Es können damals nicht viele Beter gewesen sein, denn Jahrhunderte hindurch stritten weltliche und geistliche Herren sich um das Dörflein und die Bewohner, eifersüchtig darauf achtend, daß keinem auch nur ein Scherflein an Steuern und Zehnt verloren ging.
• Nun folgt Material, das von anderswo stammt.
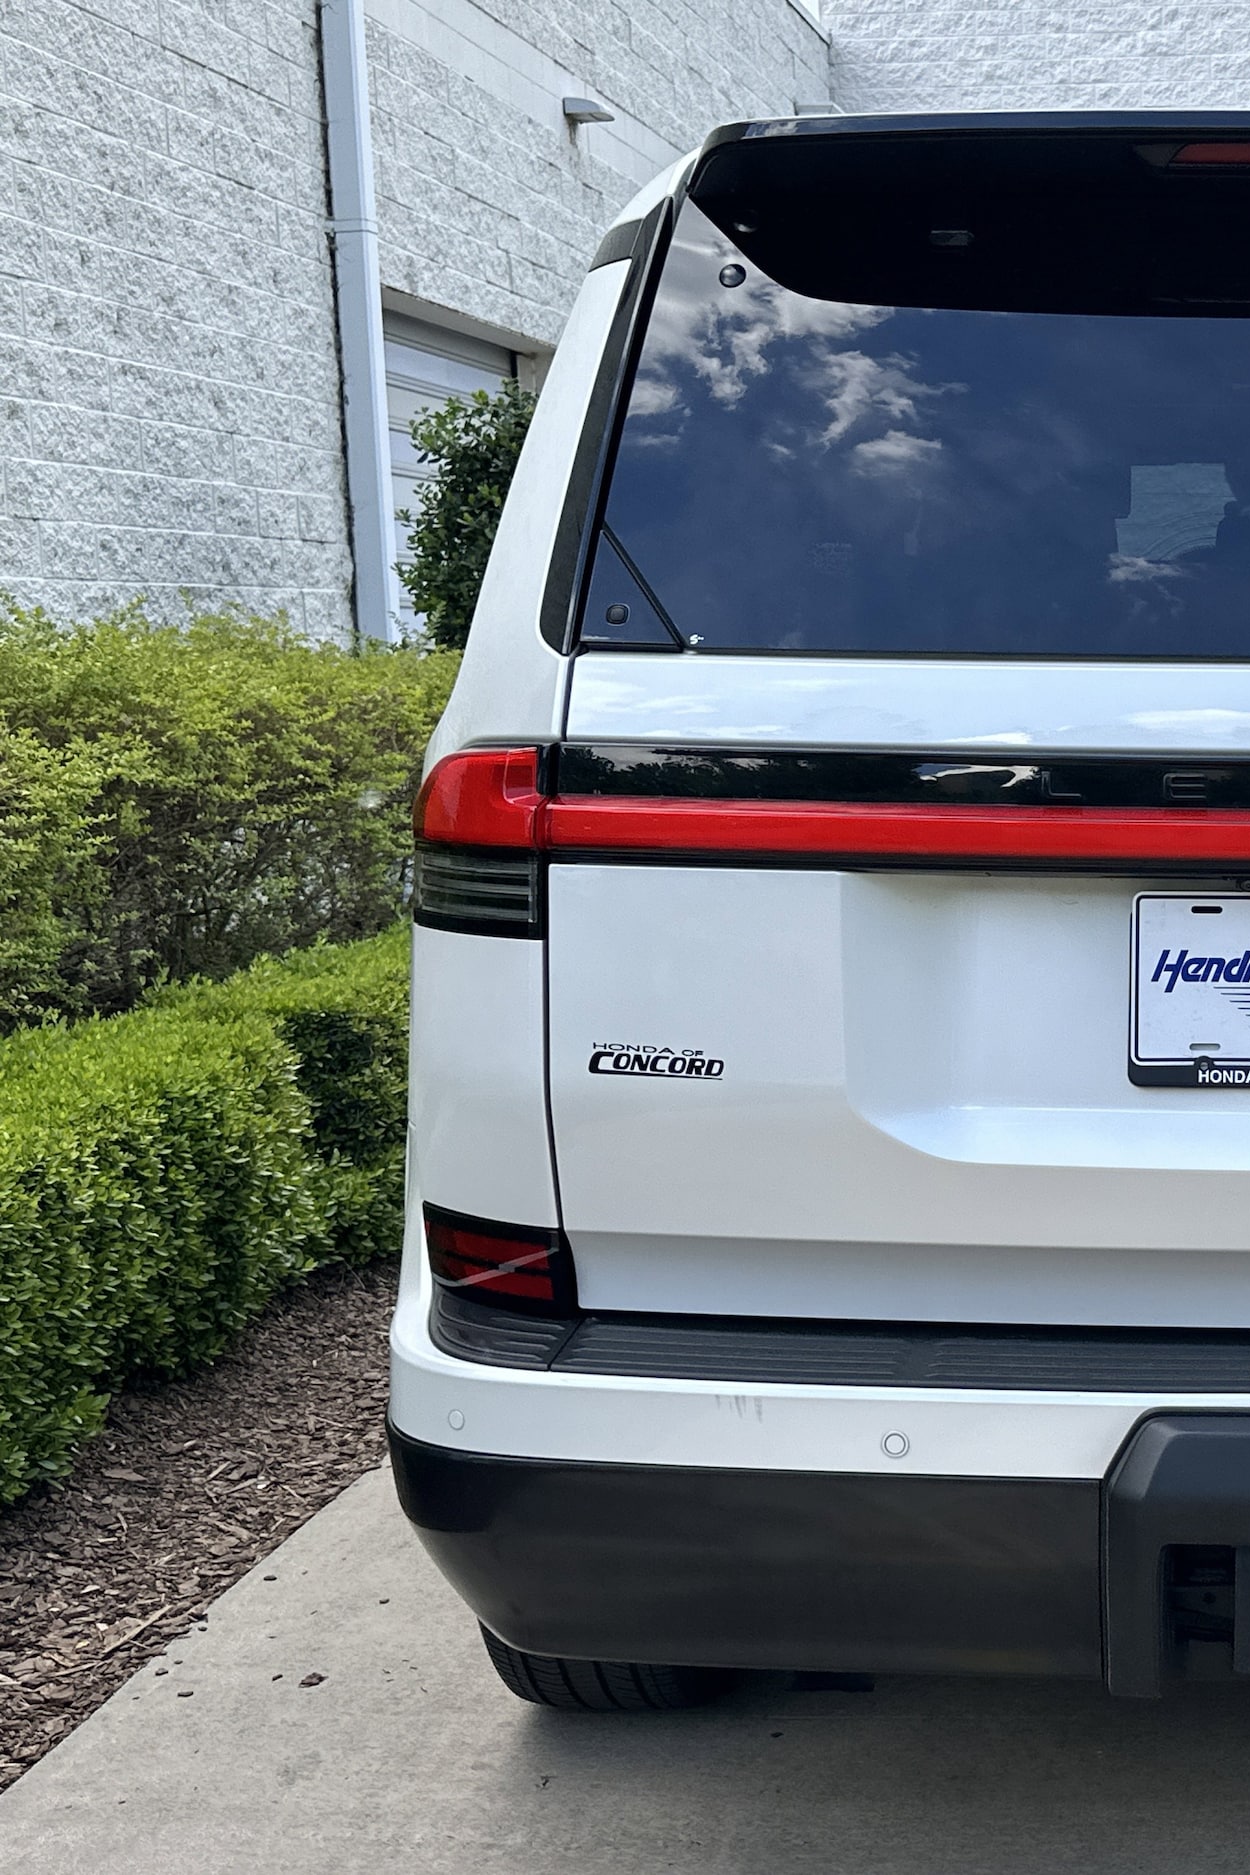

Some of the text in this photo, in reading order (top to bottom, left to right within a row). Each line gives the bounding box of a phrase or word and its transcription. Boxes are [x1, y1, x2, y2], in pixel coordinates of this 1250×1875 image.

[592, 1042, 704, 1057] HONDA OF
[588, 1051, 724, 1077] CONCORD
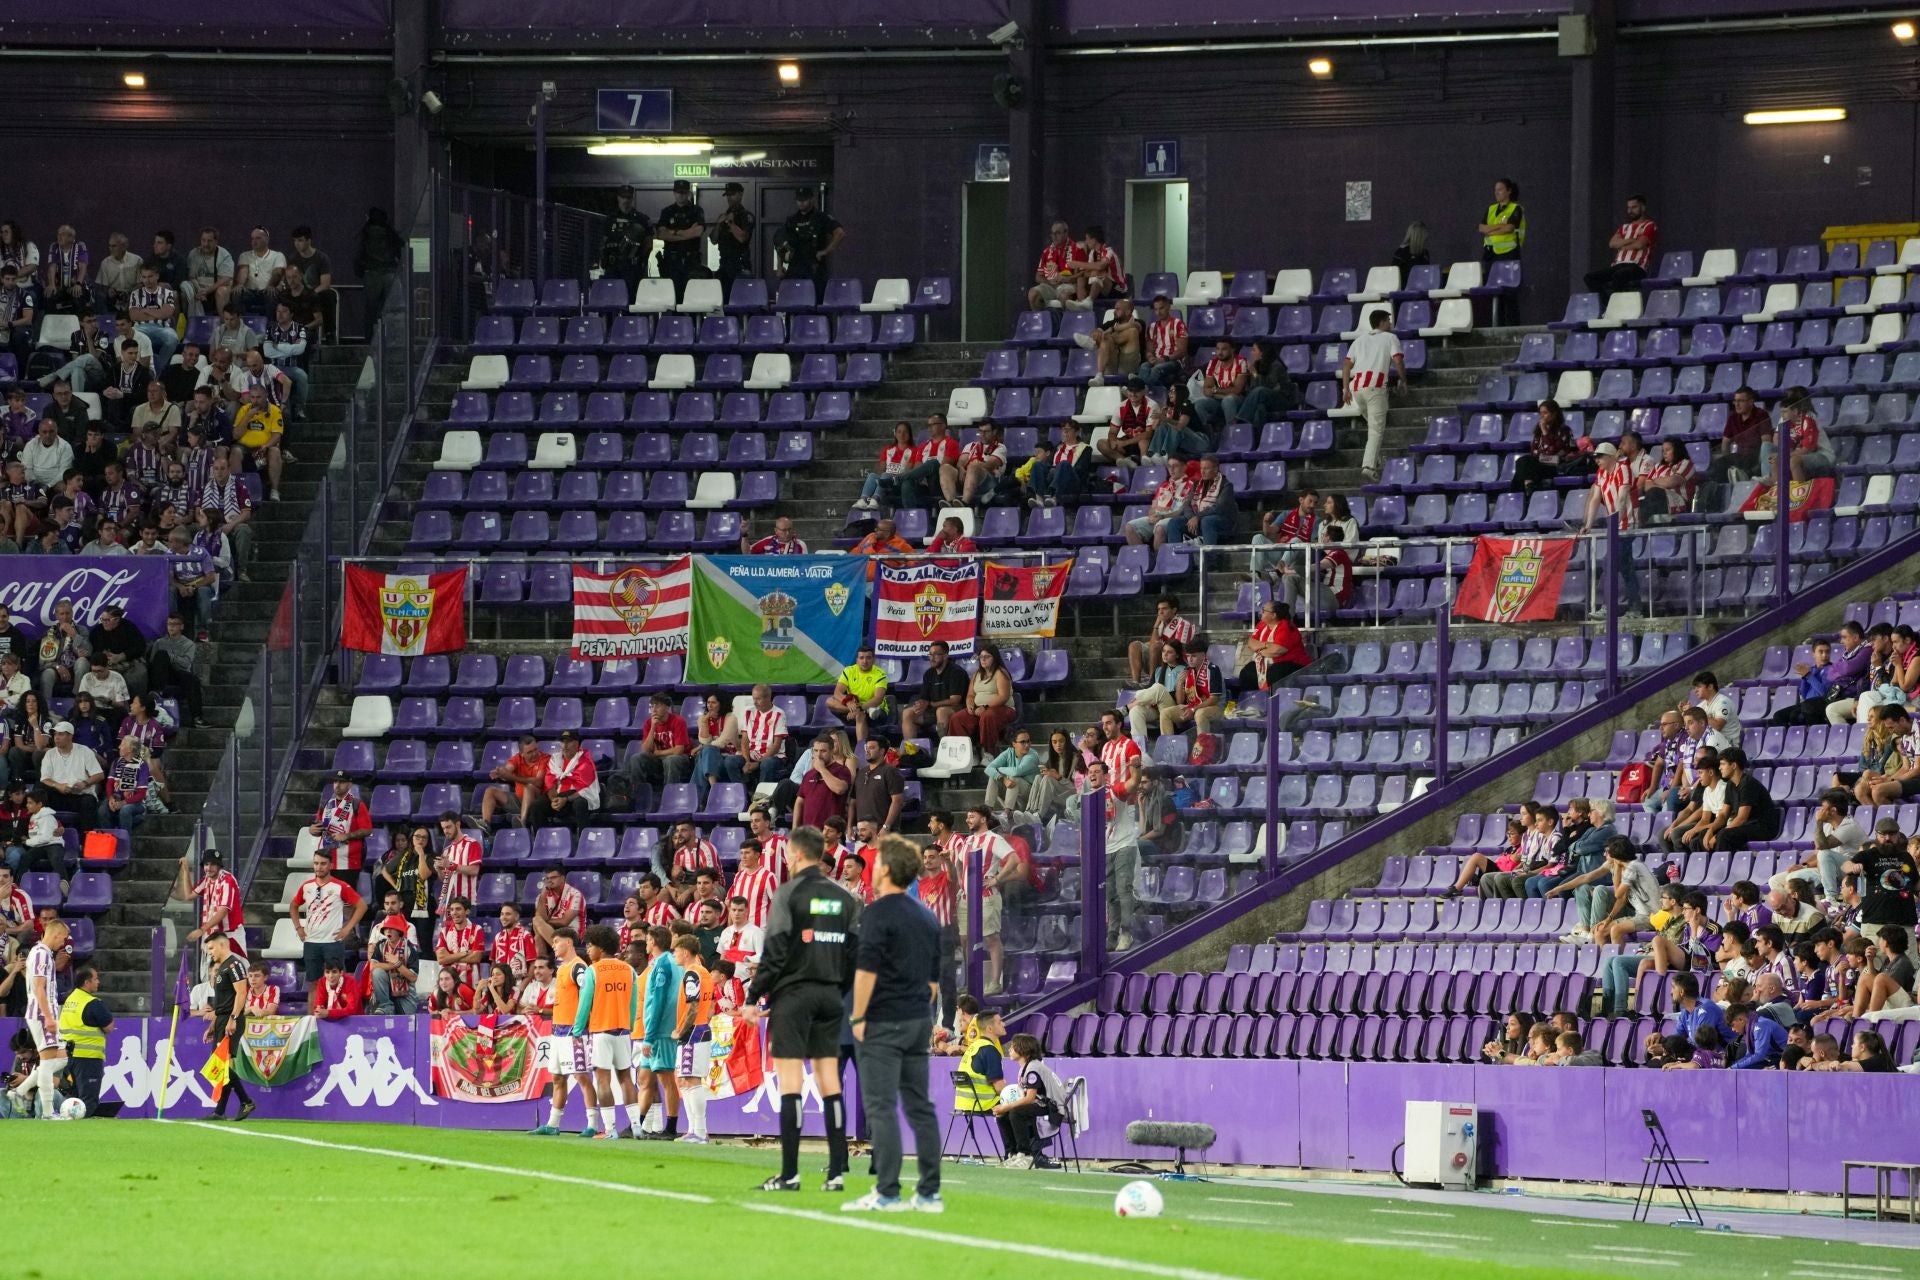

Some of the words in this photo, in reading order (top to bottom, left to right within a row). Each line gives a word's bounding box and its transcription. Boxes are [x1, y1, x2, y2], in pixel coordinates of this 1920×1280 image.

Der nördliche Teil gehörte zur Pfarrei und dem Amt Daun (1654: ca. 15 Einwohner; 1794: ca. 22 Einwohner); der östliche Teil (links des Lieserbaches mit Kapelle) zur Pfarrei Weinfeld und dem Arembergischen Besitz, und der Rest (rechts der Lieser) beanspruchte die Pfarrei Steinborn und die Manderscheider Herrschaft.

Altar in der Kapelle von Gerolstein

Schug schreibt, daß diese kleine Kapelle bereits 1713 erbaut, aber erst 1731 fertiggestellt wurde. 1717 einigten sich die Pfarrer von Steinborn und Weinfeld, abwechselnd ihr Recht in Gemünden auszuüben, da Zweifel bestanden, ob die Kapelle nun zur Pfarrei Steinborn oder zur Pfarrei Weinfeld zu rechnen war.

»Bei einem Zeugenverhör 1716 sagte Peter Gillot aus Gemünden, daß ein Markstein vor seiner Türe stehe, daß von Aremberg, Blankenheim und Daun den Zehnt um die Kapelle teilen.« Erst 1803 endete das kirchlich-politische Tauziehen. Gemünden (1345: Gemunde; 1353: Gemonden) kam zur Stadt und Pfarrei Daun.

Schlicht ist der Innenraum eingerichtet. Drei Fenster werfen etwas Licht auf die Einrichtung, die aus dem 18. Jh. stammt. Auf dem hölzernen Altartisch steht eine einfache Kreuzigungsgruppe, links die Muttergottes und rechts der hl. Johannes. Rechts an der Wand ist der Schutzpatron der Kapelle und des Dorfes zu sehen: der hl. Donatus, eine 88 cm hohe Holzfigur aus dem 18. Jahrhundert.

Der Stolz der Gemündener aber ist die sitzende Muttergottes mit dem Kind, eine wertvolle Figur aus dem 14. Jahrhundert unseres bäuerlichen Raumes. Sie hat ein breites Gesicht, das schon all den Schmerz und das Leid ihres Kindes zu ahnen scheint, welches jetzt noch so unbekümmert auf ihrem rechten Arm sitzt, die Erde als Apfel in der Hand hält und seine Füße auf dem Knie seiner Mutter abstützt. Maria trägt ein gekraustes Kopftuch, das einen Kunststil des ausgehenden 14. Jh. verrät. Ihr blaues Gewand mit roten Rosen verziert, liegt eng an ihrem Körper an und wallt in reicher Faltenverteilung bis zum Boden. Nach jahrelanger Abwesenheit in der Dauner Pfarrkirche kehrte die Statue 1980 gründlich restauriert wieder in die Kapelle zurück.

Die Muttergottes-Statue aus dem 14. Jahrhundert in der Gemündener Kapelle

Dem Zeitgeschehen und Witterungseinflüssen ausgesetzt, war das Kapellchen renovierungsbedürftig. Ab 1974 konnte man echten Zusammenhalt von Gemündener Bürgern feststellen. In monatelanger, unentgelticher und engagierter Arbeit wurde ihr Dorfmittelpunkt von Grund auf überholt und mit neuen Bänken und einer warmen Holzdecke versehen. Seitdem erstrahlt das dörfliche Kleinod in neuem Glanz und lädt jeden ein, nicht hastig vorüberzueilen, sondern sich Zeit für ein Gebet und besinnende Betrachtung zu gönnen.